[[ Provided records open ]]

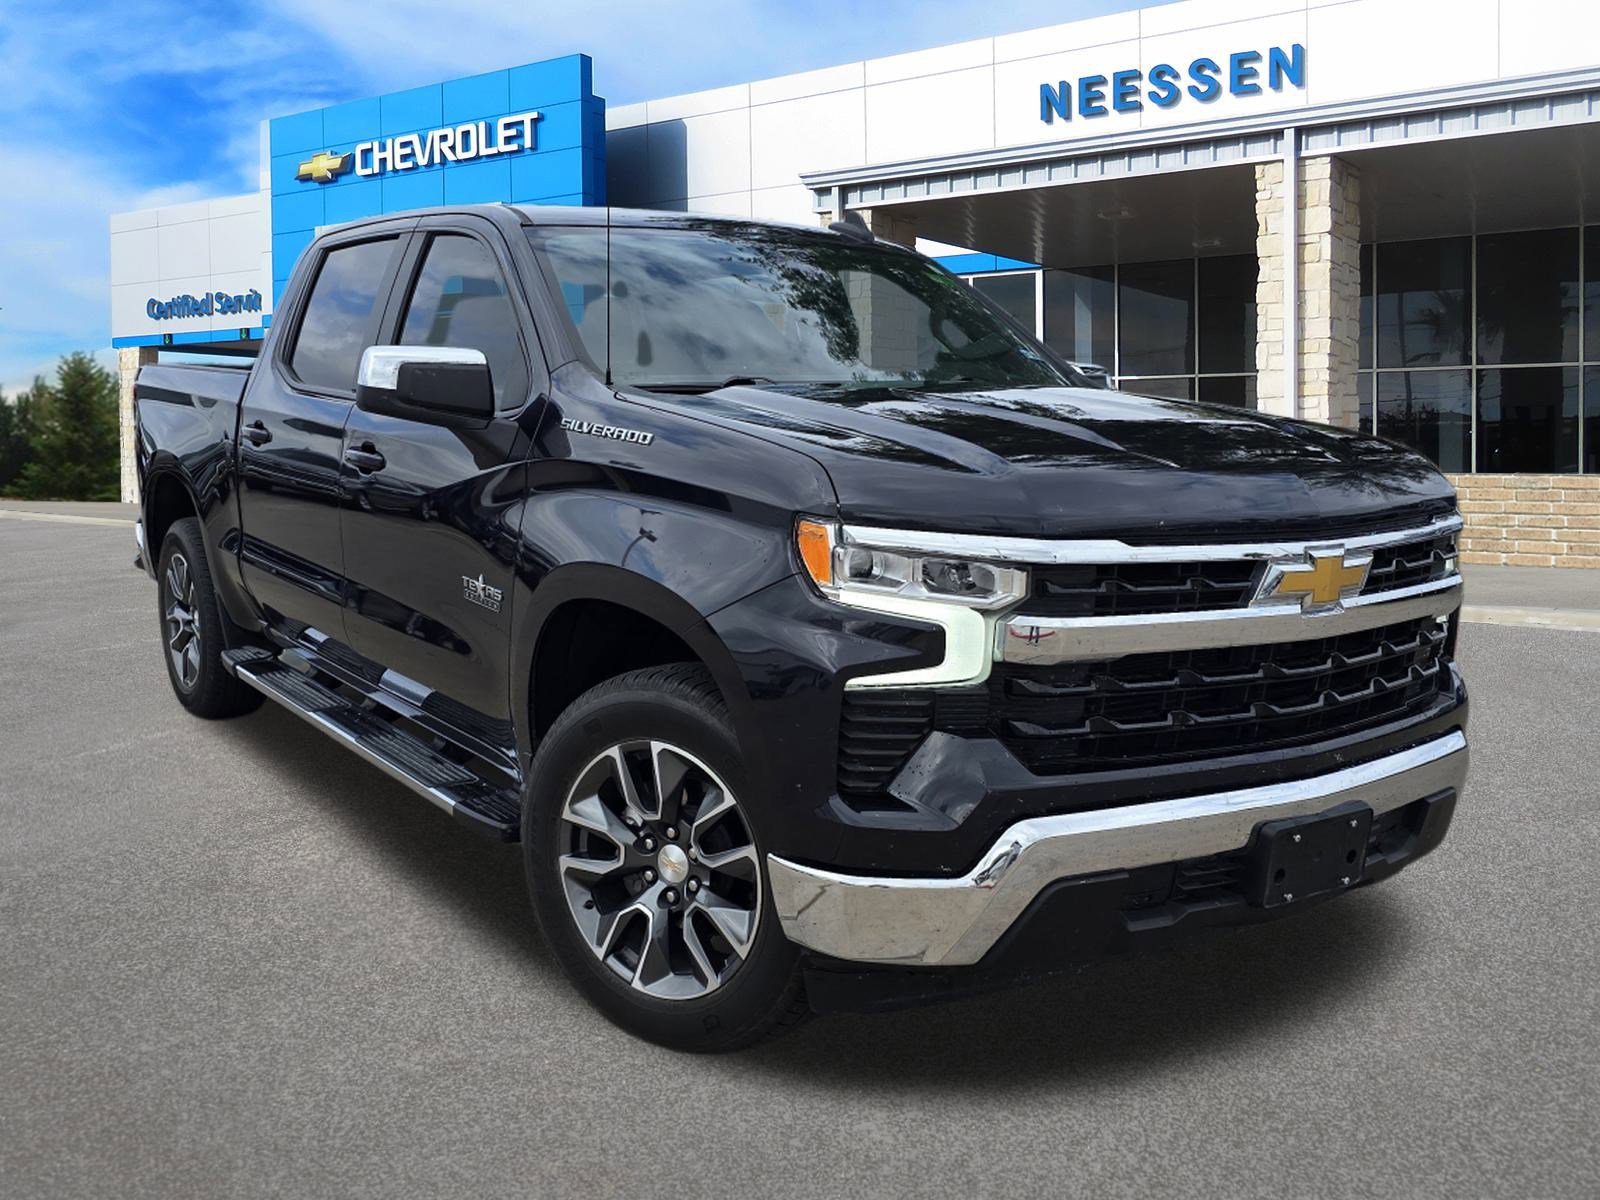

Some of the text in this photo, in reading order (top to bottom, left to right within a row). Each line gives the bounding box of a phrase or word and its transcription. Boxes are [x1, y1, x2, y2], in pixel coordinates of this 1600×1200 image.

[1040, 43, 1306, 125] NEESSEN
[354, 111, 544, 179] CHEVROLET
[146, 292, 214, 320] Certified
[560, 417, 654, 446] SILVERADO

[[ Provided records closed ]]

◆ Your instructions: The copy you produce must match the entries above exactly, except that it has no pictures.

◆ Answer for this exercise:
Some of the text in this photo, in reading order (top to bottom, left to right within a row). Each line gives the bounding box of a phrase or word and its transcription. Boxes are [x1, y1, x2, y2], in pixel coordinates of this 1600×1200 image.

[1040, 43, 1306, 125] NEESSEN
[354, 111, 544, 179] CHEVROLET
[146, 292, 214, 320] Certified
[560, 417, 654, 446] SILVERADO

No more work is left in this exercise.